Martin tells her that, after being taken from her at birth, he was taken to England to be raised. Now, he claims, he has come to America to reclaim his missed childhood. While Henry’s sexual games culminate in a more disciplinary procedure than he’d bargained for, Martin and Linda’s own childish sex games culminate in Henry’s sudden return home and violent confrontation that might (or might not) give Linda her freedom.
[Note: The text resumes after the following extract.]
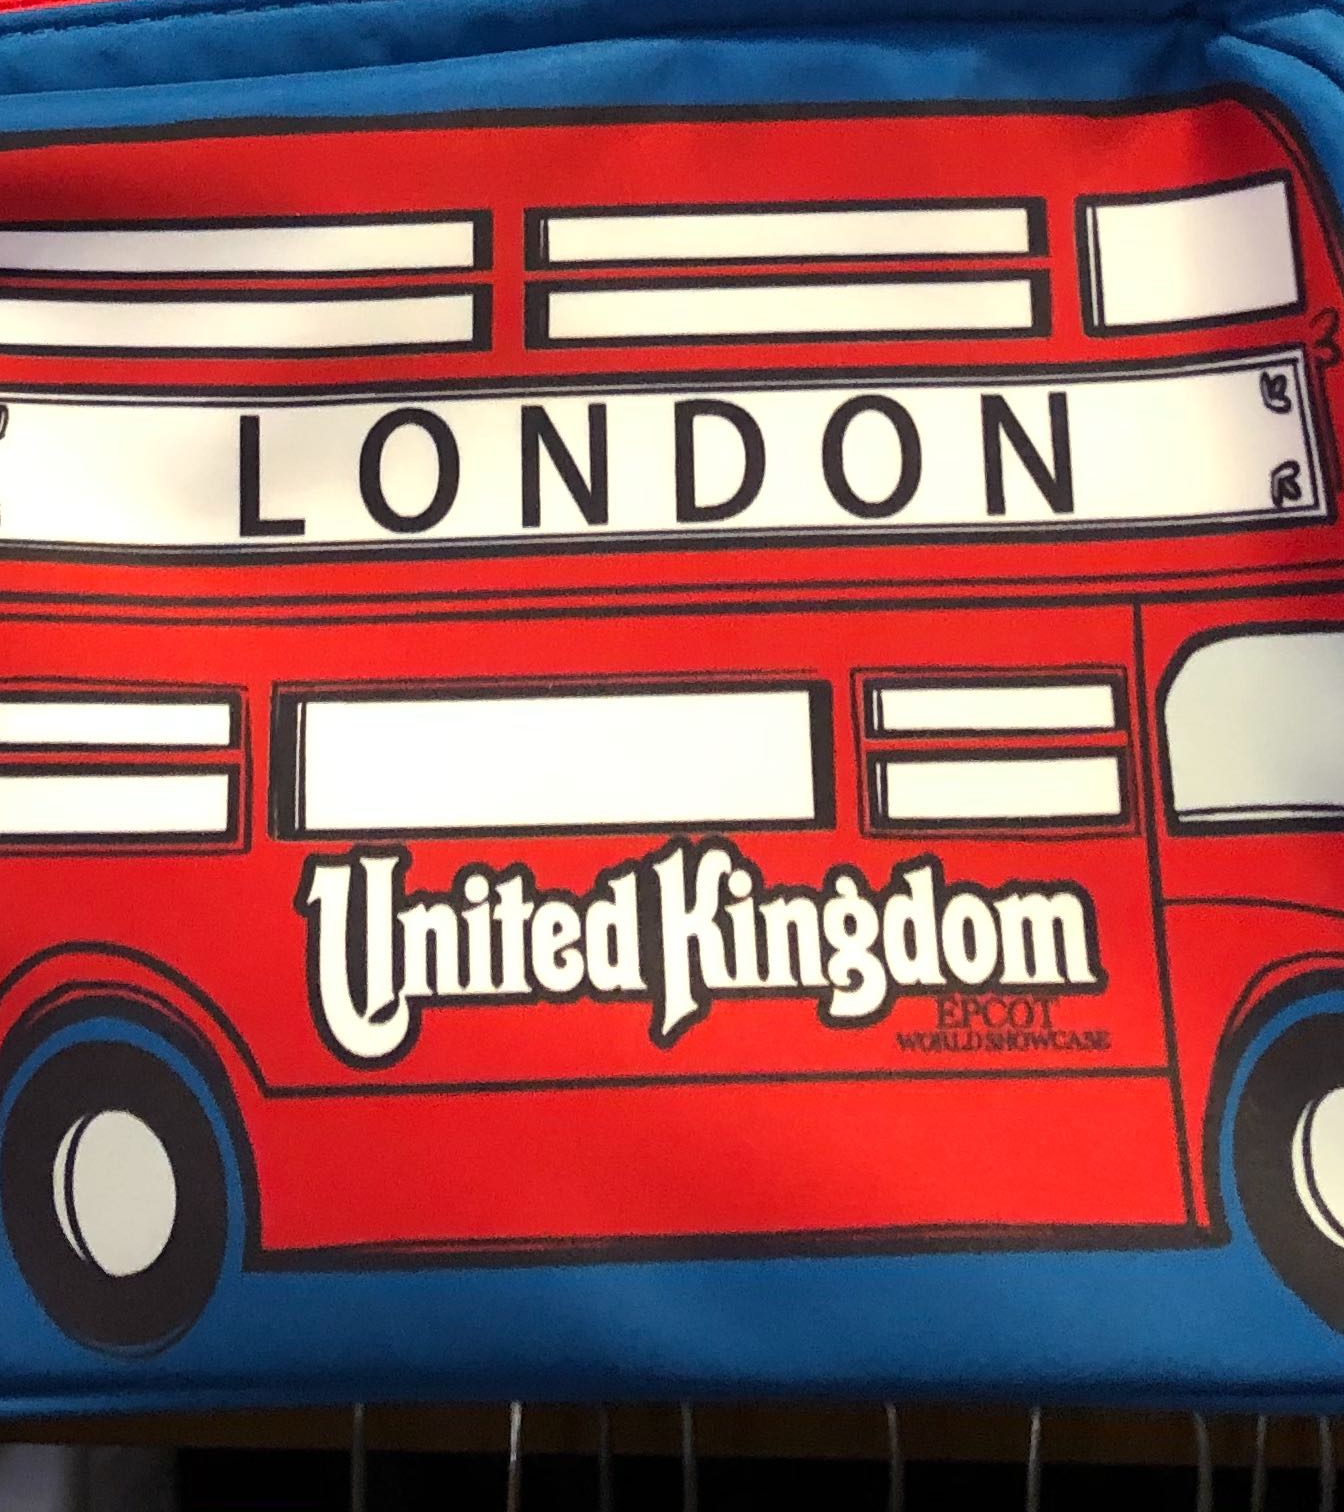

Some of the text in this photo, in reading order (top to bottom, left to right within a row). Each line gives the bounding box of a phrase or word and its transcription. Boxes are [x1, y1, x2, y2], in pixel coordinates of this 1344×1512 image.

Potter’s Oedipally-obsessed, open-ended and enigmatic screenplay is perfectly suited to Roeg’s unique, surreally-influenced style and the result is a remarkable work of art in which Roeg’s often cavalier treatment of time and continuity draws the maximum from his material and his cast. As befits Roeg’s previous career as a major cinematographer, Track 29 is stunning and seductive to look at, the work of a major auteur.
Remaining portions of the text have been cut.